About this task
Every record listed below should be copied exactly.

(Records drawn from a dataset)
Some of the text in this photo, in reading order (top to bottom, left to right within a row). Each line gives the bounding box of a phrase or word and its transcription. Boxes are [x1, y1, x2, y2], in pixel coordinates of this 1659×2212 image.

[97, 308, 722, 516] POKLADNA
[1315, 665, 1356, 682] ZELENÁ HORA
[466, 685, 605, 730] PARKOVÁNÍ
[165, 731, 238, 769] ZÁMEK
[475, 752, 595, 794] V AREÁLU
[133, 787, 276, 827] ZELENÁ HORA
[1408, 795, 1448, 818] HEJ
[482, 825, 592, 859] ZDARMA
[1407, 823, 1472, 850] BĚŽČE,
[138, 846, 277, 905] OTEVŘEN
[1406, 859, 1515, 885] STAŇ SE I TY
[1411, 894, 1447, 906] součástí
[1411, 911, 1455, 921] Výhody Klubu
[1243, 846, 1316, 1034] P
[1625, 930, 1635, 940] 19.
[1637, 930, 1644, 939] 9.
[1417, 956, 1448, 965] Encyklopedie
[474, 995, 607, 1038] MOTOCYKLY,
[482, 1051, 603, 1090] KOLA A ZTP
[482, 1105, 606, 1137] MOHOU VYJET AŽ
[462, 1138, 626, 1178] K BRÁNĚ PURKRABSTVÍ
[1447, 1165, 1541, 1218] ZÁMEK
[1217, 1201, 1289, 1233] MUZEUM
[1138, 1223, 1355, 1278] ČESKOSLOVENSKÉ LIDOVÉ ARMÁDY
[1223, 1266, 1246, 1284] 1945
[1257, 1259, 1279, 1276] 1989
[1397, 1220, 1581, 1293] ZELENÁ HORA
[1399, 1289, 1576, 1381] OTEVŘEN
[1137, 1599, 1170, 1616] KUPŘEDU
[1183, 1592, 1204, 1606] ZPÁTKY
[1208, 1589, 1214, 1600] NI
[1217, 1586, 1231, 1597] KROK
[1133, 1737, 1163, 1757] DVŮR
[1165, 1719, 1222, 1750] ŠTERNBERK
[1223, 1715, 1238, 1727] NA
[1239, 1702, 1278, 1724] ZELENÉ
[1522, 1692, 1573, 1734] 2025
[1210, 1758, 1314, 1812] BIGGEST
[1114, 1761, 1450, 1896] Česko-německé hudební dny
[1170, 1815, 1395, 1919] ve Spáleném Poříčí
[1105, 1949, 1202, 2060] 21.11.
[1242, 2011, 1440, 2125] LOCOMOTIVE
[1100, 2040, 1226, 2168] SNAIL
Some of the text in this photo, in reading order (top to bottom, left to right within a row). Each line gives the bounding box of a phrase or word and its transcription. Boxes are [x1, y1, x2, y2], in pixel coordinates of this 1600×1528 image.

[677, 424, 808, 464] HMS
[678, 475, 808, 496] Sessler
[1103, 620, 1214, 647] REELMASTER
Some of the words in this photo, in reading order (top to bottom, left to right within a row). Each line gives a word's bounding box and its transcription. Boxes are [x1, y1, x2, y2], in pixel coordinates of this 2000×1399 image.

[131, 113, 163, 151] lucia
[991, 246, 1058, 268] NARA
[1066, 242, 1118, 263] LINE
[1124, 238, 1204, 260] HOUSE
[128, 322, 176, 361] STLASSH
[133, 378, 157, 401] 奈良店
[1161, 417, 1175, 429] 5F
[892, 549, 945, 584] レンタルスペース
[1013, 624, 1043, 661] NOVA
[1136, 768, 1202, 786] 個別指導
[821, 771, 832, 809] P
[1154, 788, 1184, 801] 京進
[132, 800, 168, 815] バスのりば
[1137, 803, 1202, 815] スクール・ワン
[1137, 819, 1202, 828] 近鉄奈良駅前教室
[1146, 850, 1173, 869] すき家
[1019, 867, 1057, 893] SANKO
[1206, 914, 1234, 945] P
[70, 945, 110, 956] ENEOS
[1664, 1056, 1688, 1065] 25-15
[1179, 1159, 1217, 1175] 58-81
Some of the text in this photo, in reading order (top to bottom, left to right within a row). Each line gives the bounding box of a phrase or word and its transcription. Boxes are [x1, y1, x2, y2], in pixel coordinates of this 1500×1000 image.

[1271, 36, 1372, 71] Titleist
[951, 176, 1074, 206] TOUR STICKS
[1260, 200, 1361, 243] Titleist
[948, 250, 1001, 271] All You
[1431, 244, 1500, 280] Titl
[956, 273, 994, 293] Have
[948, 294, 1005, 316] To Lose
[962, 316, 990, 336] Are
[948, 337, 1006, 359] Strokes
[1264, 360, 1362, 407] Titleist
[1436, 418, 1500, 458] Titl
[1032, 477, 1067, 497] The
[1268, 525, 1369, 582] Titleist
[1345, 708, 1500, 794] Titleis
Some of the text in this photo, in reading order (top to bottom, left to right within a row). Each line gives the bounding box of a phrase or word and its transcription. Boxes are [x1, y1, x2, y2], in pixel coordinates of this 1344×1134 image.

Solution to the exercise
Some of the text in this photo, in reading order (top to bottom, left to right within a row). Each line gives the bounding box of a phrase or word and its transcription. Boxes are [x1, y1, x2, y2], in pixel coordinates of this 1659×2212 image.

[97, 308, 722, 516] POKLADNA
[1315, 665, 1356, 682] ZELENÁ HORA
[466, 685, 605, 730] PARKOVÁNÍ
[165, 731, 238, 769] ZÁMEK
[475, 752, 595, 794] V AREÁLU
[133, 787, 276, 827] ZELENÁ HORA
[1408, 795, 1448, 818] HEJ
[482, 825, 592, 859] ZDARMA
[1407, 823, 1472, 850] BĚŽČE,
[138, 846, 277, 905] OTEVŘEN
[1406, 859, 1515, 885] STAŇ SE I TY
[1411, 894, 1447, 906] součástí
[1411, 911, 1455, 921] Výhody Klubu
[1243, 846, 1316, 1034] P
[1625, 930, 1635, 940] 19.
[1637, 930, 1644, 939] 9.
[1417, 956, 1448, 965] Encyklopedie
[474, 995, 607, 1038] MOTOCYKLY,
[482, 1051, 603, 1090] KOLA A ZTP
[482, 1105, 606, 1137] MOHOU VYJET AŽ
[462, 1138, 626, 1178] K BRÁNĚ PURKRABSTVÍ
[1447, 1165, 1541, 1218] ZÁMEK
[1217, 1201, 1289, 1233] MUZEUM
[1138, 1223, 1355, 1278] ČESKOSLOVENSKÉ LIDOVÉ ARMÁDY
[1223, 1266, 1246, 1284] 1945
[1257, 1259, 1279, 1276] 1989
[1397, 1220, 1581, 1293] ZELENÁ HORA
[1399, 1289, 1576, 1381] OTEVŘEN
[1137, 1599, 1170, 1616] KUPŘEDU
[1183, 1592, 1204, 1606] ZPÁTKY
[1208, 1589, 1214, 1600] NI
[1217, 1586, 1231, 1597] KROK
[1133, 1737, 1163, 1757] DVŮR
[1165, 1719, 1222, 1750] ŠTERNBERK
[1223, 1715, 1238, 1727] NA
[1239, 1702, 1278, 1724] ZELENÉ
[1522, 1692, 1573, 1734] 2025
[1210, 1758, 1314, 1812] BIGGEST
[1114, 1761, 1450, 1896] Česko-německé hudební dny
[1170, 1815, 1395, 1919] ve Spáleném Poříčí
[1105, 1949, 1202, 2060] 21.11.
[1242, 2011, 1440, 2125] LOCOMOTIVE
[1100, 2040, 1226, 2168] SNAIL
Some of the text in this photo, in reading order (top to bottom, left to right within a row). Each line gives the bounding box of a phrase or word and its transcription. Boxes are [x1, y1, x2, y2], in pixel coordinates of this 1600×1528 image.

[677, 424, 808, 464] HMS
[678, 475, 808, 496] Sessler
[1103, 620, 1214, 647] REELMASTER
Some of the words in this photo, in reading order (top to bottom, left to right within a row). Each line gives a word's bounding box and its transcription. Boxes are [x1, y1, x2, y2], in pixel coordinates of this 2000×1399 image.

[131, 113, 163, 151] lucia
[991, 246, 1058, 268] NARA
[1066, 242, 1118, 263] LINE
[1124, 238, 1204, 260] HOUSE
[128, 322, 176, 361] STLASSH
[133, 378, 157, 401] 奈良店
[1161, 417, 1175, 429] 5F
[892, 549, 945, 584] レンタルスペース
[1013, 624, 1043, 661] NOVA
[1136, 768, 1202, 786] 個別指導
[821, 771, 832, 809] P
[1154, 788, 1184, 801] 京進
[132, 800, 168, 815] バスのりば
[1137, 803, 1202, 815] スクール・ワン
[1137, 819, 1202, 828] 近鉄奈良駅前教室
[1146, 850, 1173, 869] すき家
[1019, 867, 1057, 893] SANKO
[1206, 914, 1234, 945] P
[70, 945, 110, 956] ENEOS
[1664, 1056, 1688, 1065] 25-15
[1179, 1159, 1217, 1175] 58-81
Some of the text in this photo, in reading order (top to bottom, left to right within a row). Each line gives the bounding box of a phrase or word and its transcription. Boxes are [x1, y1, x2, y2], in pixel coordinates of this 1500×1000 image.

[1271, 36, 1372, 71] Titleist
[951, 176, 1074, 206] TOUR STICKS
[1260, 200, 1361, 243] Titleist
[948, 250, 1001, 271] All You
[1431, 244, 1500, 280] Titl
[956, 273, 994, 293] Have
[948, 294, 1005, 316] To Lose
[962, 316, 990, 336] Are
[948, 337, 1006, 359] Strokes
[1264, 360, 1362, 407] Titleist
[1436, 418, 1500, 458] Titl
[1032, 477, 1067, 497] The
[1268, 525, 1369, 582] Titleist
[1345, 708, 1500, 794] Titleis
Some of the text in this photo, in reading order (top to bottom, left to right within a row). Each line gives the bounding box of a phrase or word and its transcription. Boxes are [x1, y1, x2, y2], in pixel coordinates of this 1344×1134 image.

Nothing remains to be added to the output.